▸ **EXERCISE BRIEF**: Omitting all pictures, retype the entries below exactly as given.

(Beginning of EXTRACTED DATA)

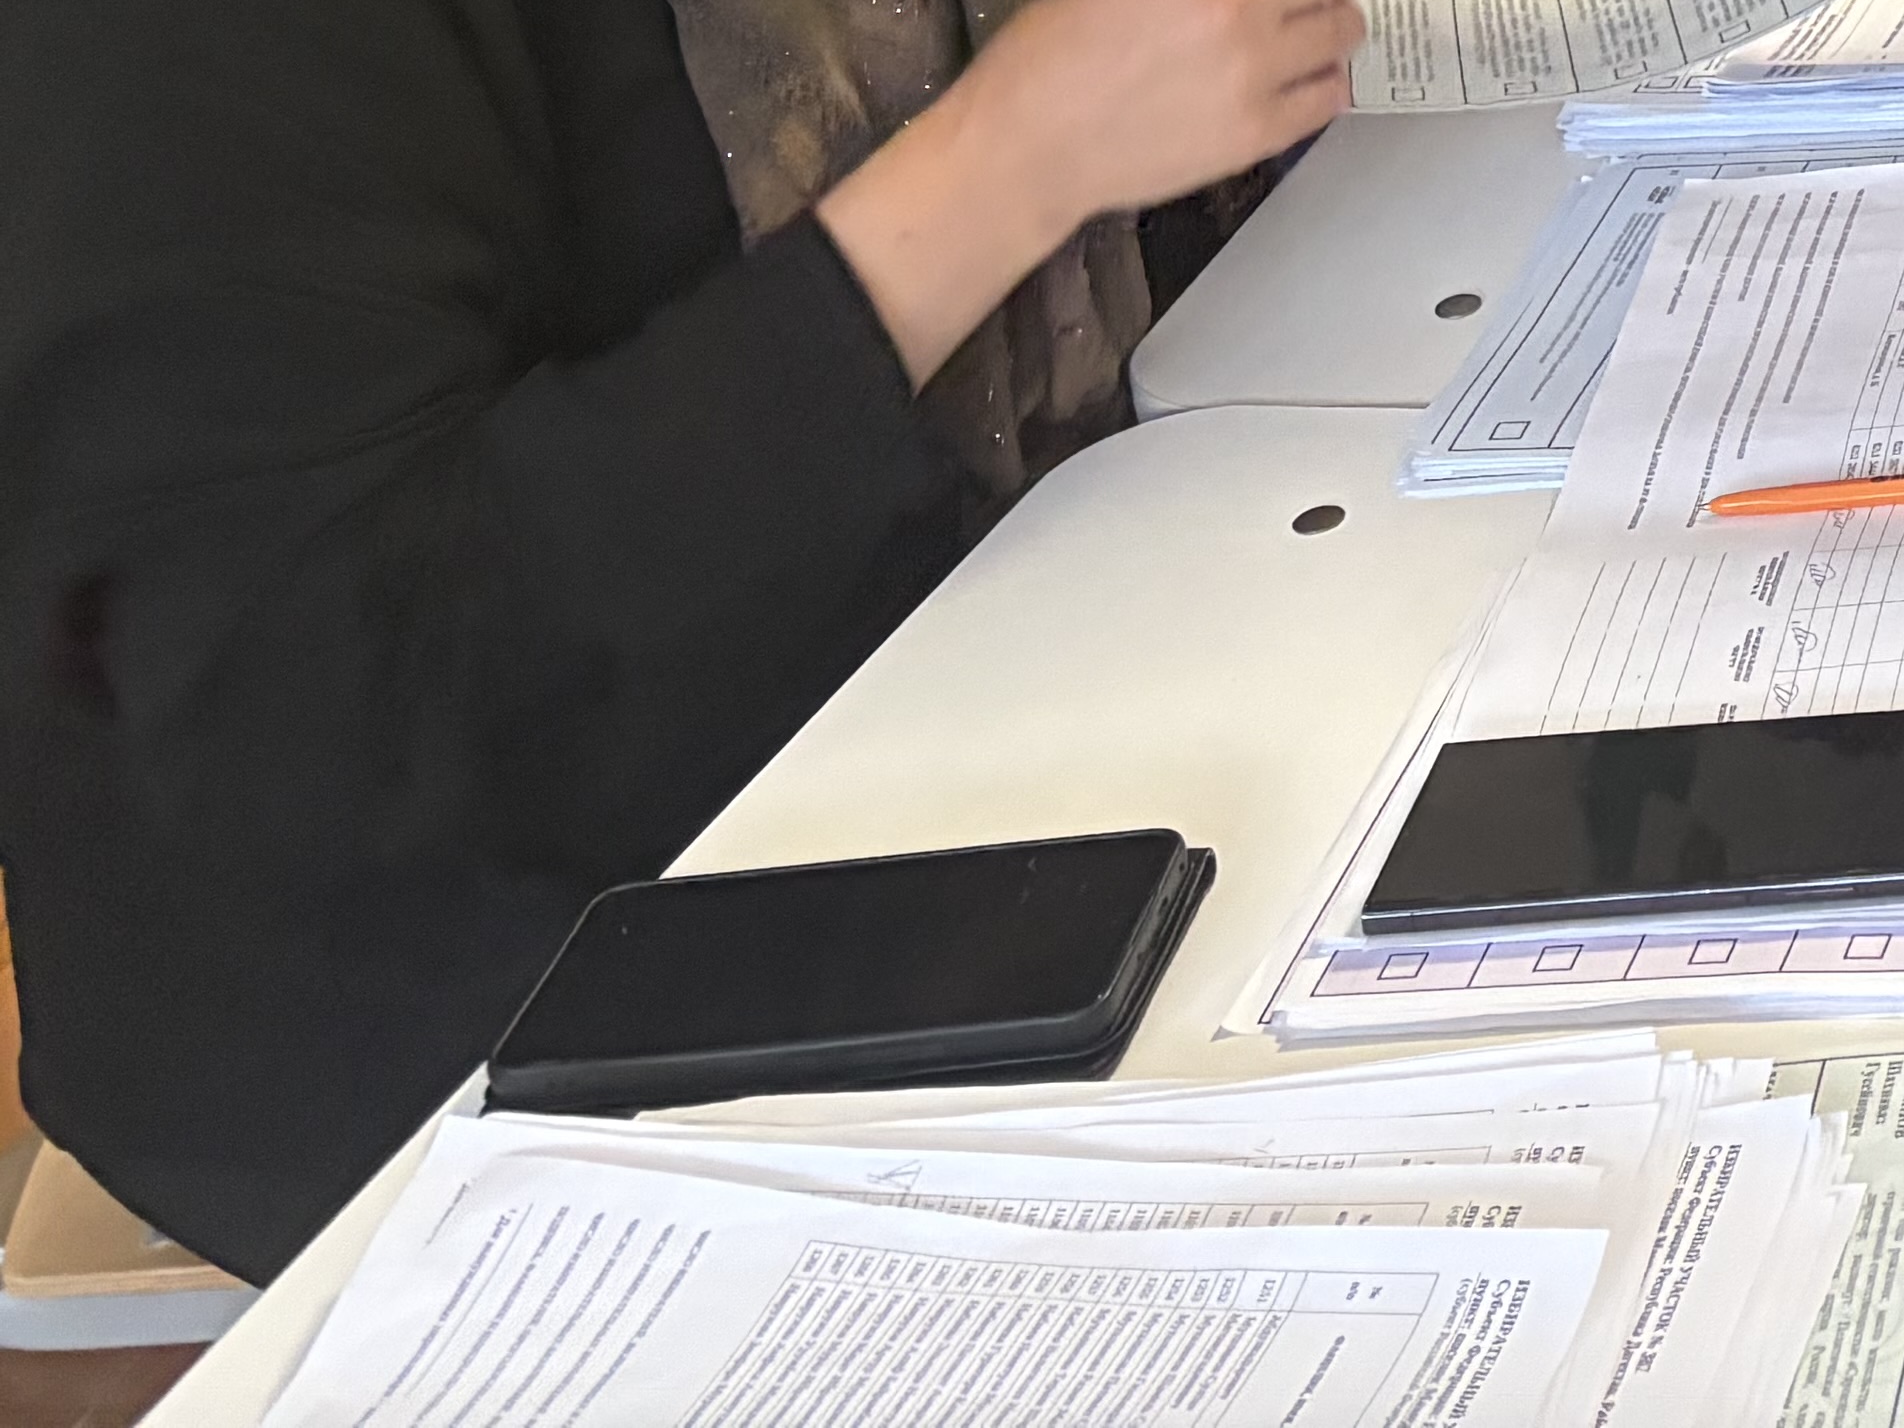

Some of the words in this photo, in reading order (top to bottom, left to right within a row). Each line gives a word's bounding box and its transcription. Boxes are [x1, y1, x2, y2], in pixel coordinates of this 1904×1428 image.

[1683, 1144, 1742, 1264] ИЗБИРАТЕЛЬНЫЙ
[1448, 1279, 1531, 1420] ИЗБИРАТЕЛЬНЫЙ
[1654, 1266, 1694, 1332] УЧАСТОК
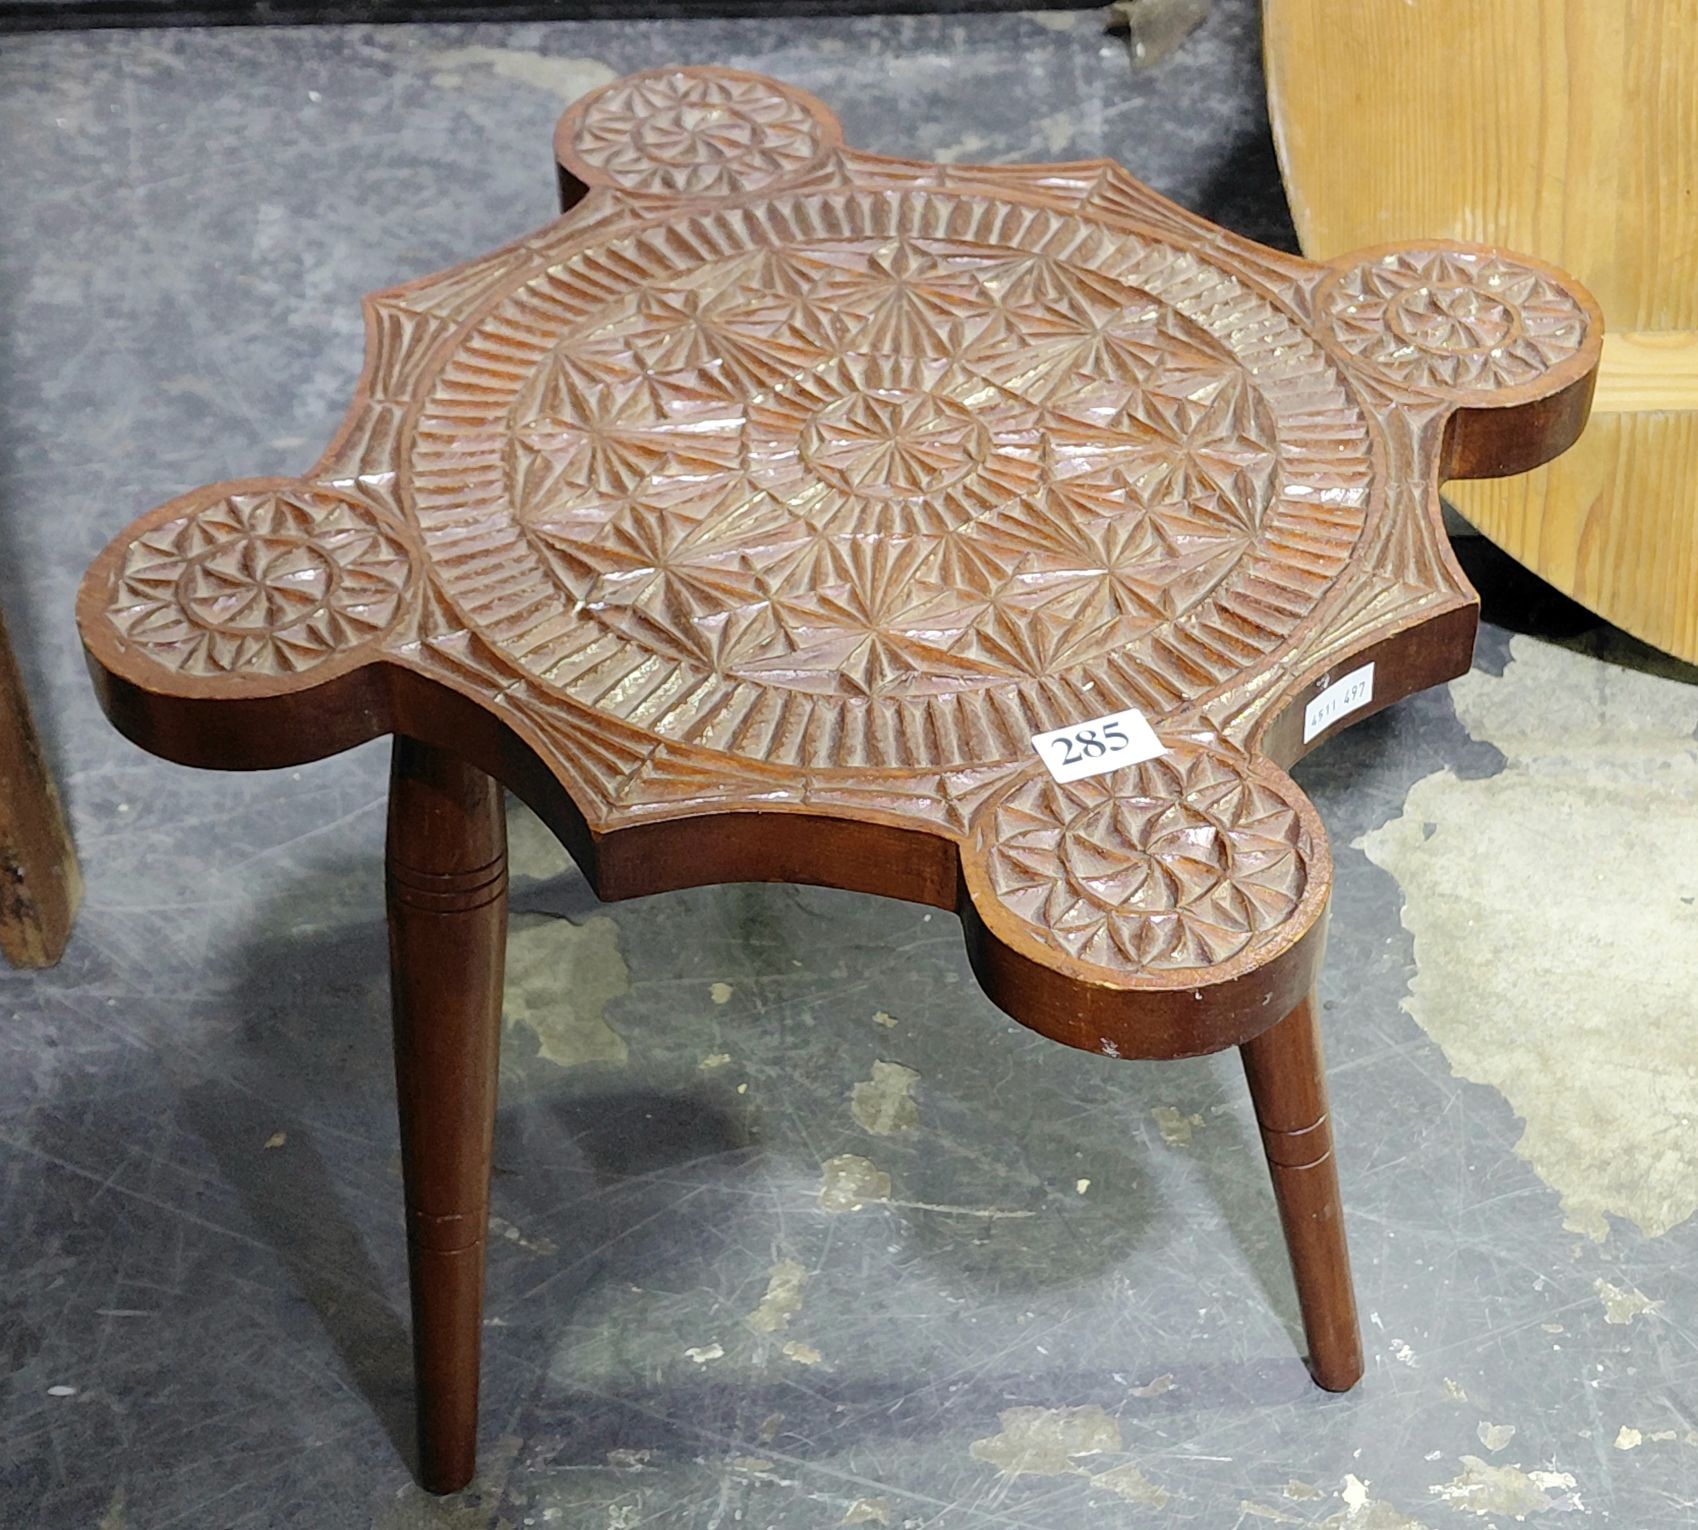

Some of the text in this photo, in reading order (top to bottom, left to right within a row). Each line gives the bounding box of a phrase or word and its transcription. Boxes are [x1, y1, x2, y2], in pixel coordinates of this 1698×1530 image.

(End of EXTRACTED DATA)

▸ **RESPONSE**:
Some of the words in this photo, in reading order (top to bottom, left to right within a row). Each line gives a word's bounding box and its transcription. Boxes are [x1, y1, x2, y2], in pixel coordinates of this 1904×1428 image.

[1683, 1144, 1742, 1264] ИЗБИРАТЕЛЬНЫЙ
[1448, 1279, 1531, 1420] ИЗБИРАТЕЛЬНЫЙ
[1654, 1266, 1694, 1332] УЧАСТОК

Some of the text in this photo, in reading order (top to bottom, left to right within a row). Each line gives the bounding box of a phrase or word and its transcription. Boxes are [x1, y1, x2, y2], in pixel coordinates of this 1698×1530 image.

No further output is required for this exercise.